Should we CSE simple primop applications?
Sebastian commited this wonderful bit-fiddling code to GHC recently:
-- | Denotes '+' on lower and upper bounds of 'Card'.
plusCard :: Card -> Card -> Card
-- See Note [Algebraic specification for plusCard and multCard]
plusCard (Card a) (Card b)
= Card (bit0 .|. bit1 .|. bitN)
where
bit0 = (a .&. b) .&. 0b001
bit1 = (a .|. b) .&. 0b010
bitN = ((a .|. b) .|. shiftL (a .&. b) 1) .&. 0b100
Curious as I am I couldn't resist but look at what it compiles to:
GHC.Types.Demand.plusCard
:: GHC.Types.Demand.Card
-> GHC.Types.Demand.Card -> GHC.Types.Demand.Card
[GblId, Arity=2, Str=<1P(L)><1P(L)>, Cpr=1, Unf=OtherCon []] =
\r [ds_s7DU ds1_s7DV]
case ds_s7DU of {
GHC.Types.I# x#_s7DX ->
case ds1_s7DV of {
GHC.Types.I# y#_s7DZ ->
case andI# [x#_s7DX y#_s7DZ] of sat_s7E6 [Occ=Once1] {
__DEFAULT ->
case uncheckedIShiftL# [sat_s7E6 1#] of sat_s7E7 [Occ=Once1] {
__DEFAULT ->
case orI# [x#_s7DX y#_s7DZ] of sat_s7E5 [Occ=Once1] {
__DEFAULT ->
case orI# [sat_s7E5 sat_s7E7] of sat_s7E8 [Occ=Once1] {
__DEFAULT ->
case andI# [sat_s7E8 4#] of sat_s7E9 [Occ=Once1] {
__DEFAULT ->
case orI# [x#_s7DX y#_s7DZ] of sat_s7E2 [Occ=Once1] {
__DEFAULT ->
case andI# [sat_s7E2 2#] of sat_s7E3 [Occ=Once1] {
__DEFAULT ->
case andI# [x#_s7DX y#_s7DZ] of sat_s7E0 [Occ=Once1] {
__DEFAULT ->
case andI# [sat_s7E0 1#] of sat_s7E1 [Occ=Once1] {
__DEFAULT ->
case orI# [sat_s7E1 sat_s7E3] of sat_s7E4 [Occ=Once1] {
__DEFAULT ->
case orI# [sat_s7E4 sat_s7E9] of sat_s7Ea [Occ=Once1] {
__DEFAULT -> GHC.Types.I# [sat_s7Ea];
It's good in that it compiles to nice straight line code.
But I noticed that andI# [x#_s7DX y#_s7DZ]
and orI# [x#_s7DX y#_s7DZ]
are both computed twice. Which was surprising to me.

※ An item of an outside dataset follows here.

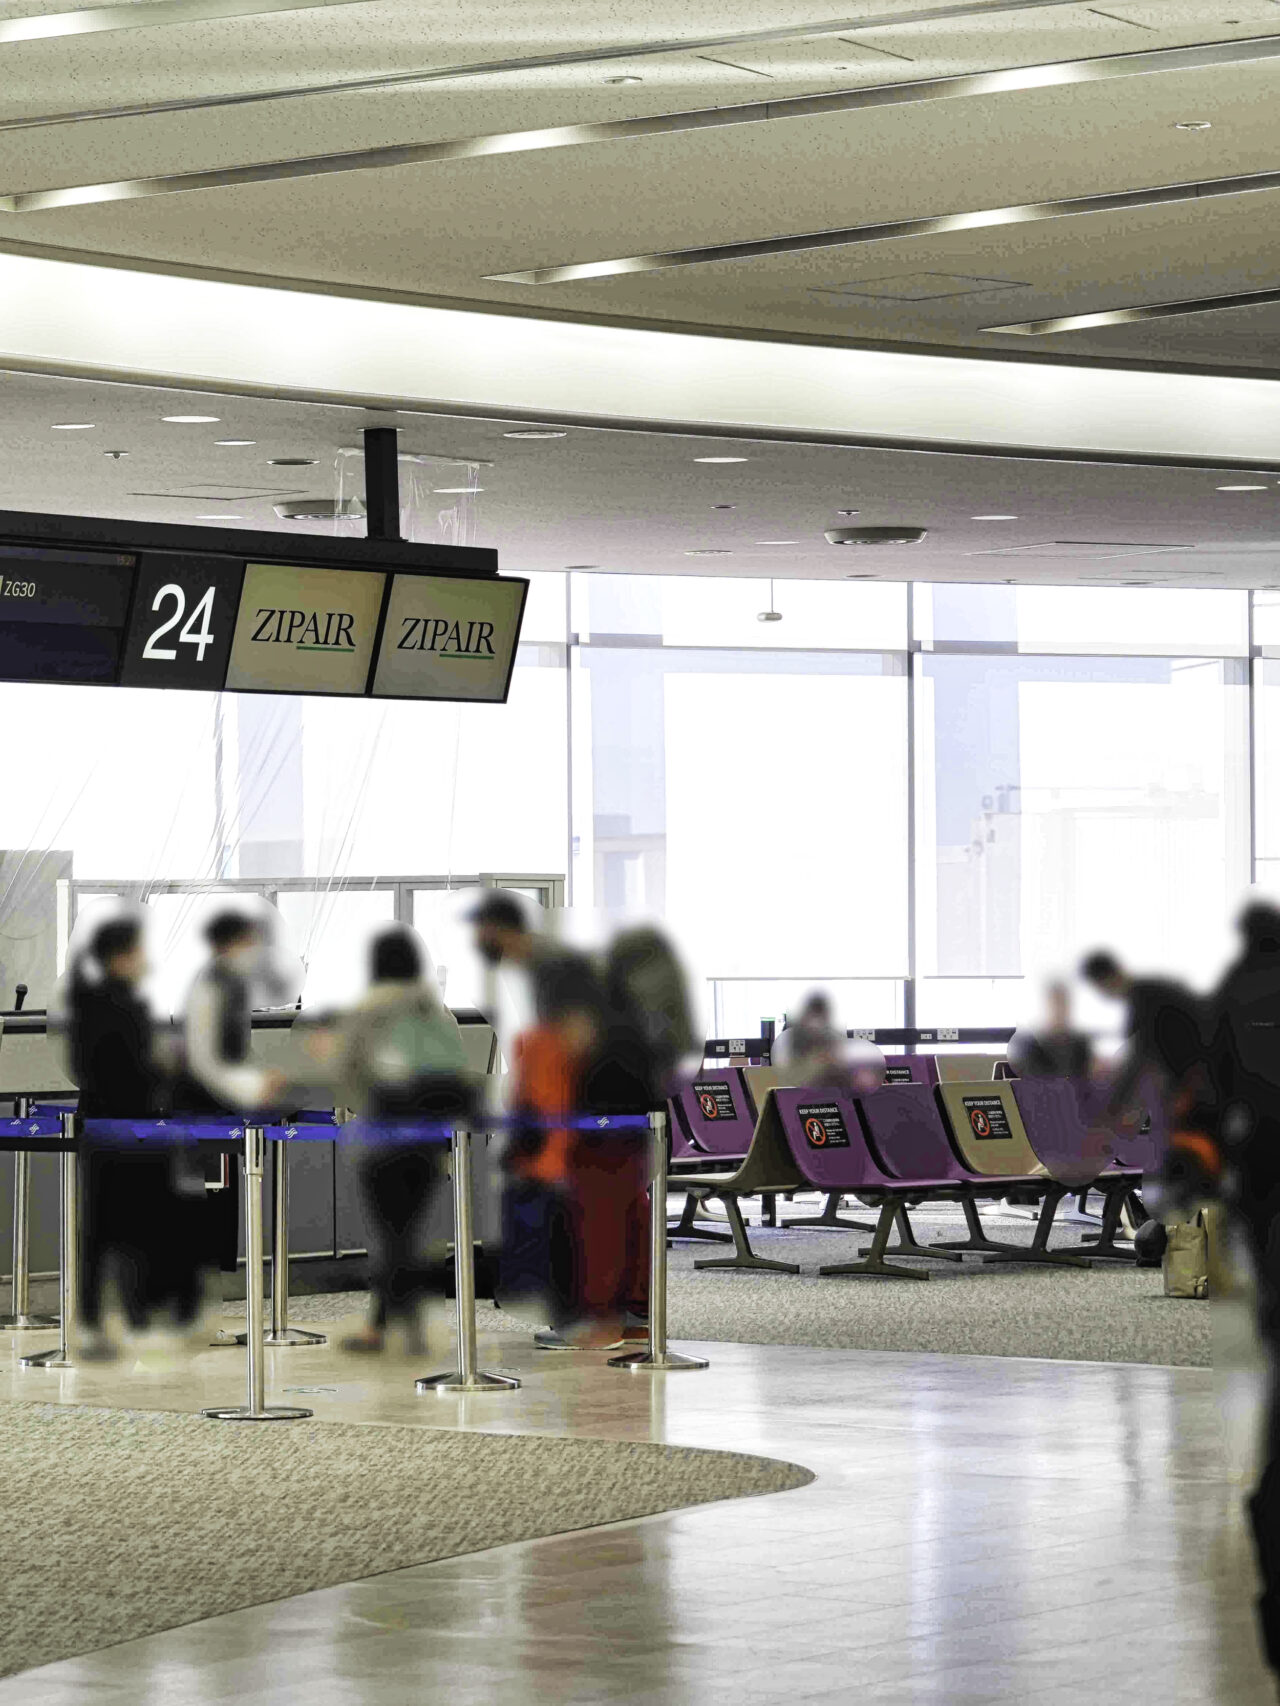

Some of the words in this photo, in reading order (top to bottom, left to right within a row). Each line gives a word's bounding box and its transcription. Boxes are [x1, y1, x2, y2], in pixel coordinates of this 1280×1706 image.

Now sometimes it can be beneficial to avoid doing those sorts of CSE applications, because keeping the result in a register can cause spilling which is worse then repeating a cheap computation. But when we have enough registers around then keeping the computed value around is better as we save on compute.

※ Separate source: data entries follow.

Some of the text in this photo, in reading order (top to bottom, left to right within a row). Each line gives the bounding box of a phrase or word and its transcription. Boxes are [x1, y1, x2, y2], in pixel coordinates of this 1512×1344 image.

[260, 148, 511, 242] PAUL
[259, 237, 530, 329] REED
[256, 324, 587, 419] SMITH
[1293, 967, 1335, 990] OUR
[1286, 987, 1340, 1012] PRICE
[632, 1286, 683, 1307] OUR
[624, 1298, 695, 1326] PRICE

It's my understanding that solving this in general is a hard problem. But I wonder if we currently avoid commoning up these expressions by design or by accident. And if the later perhaps we should try to common them up! At least then we would know for sure.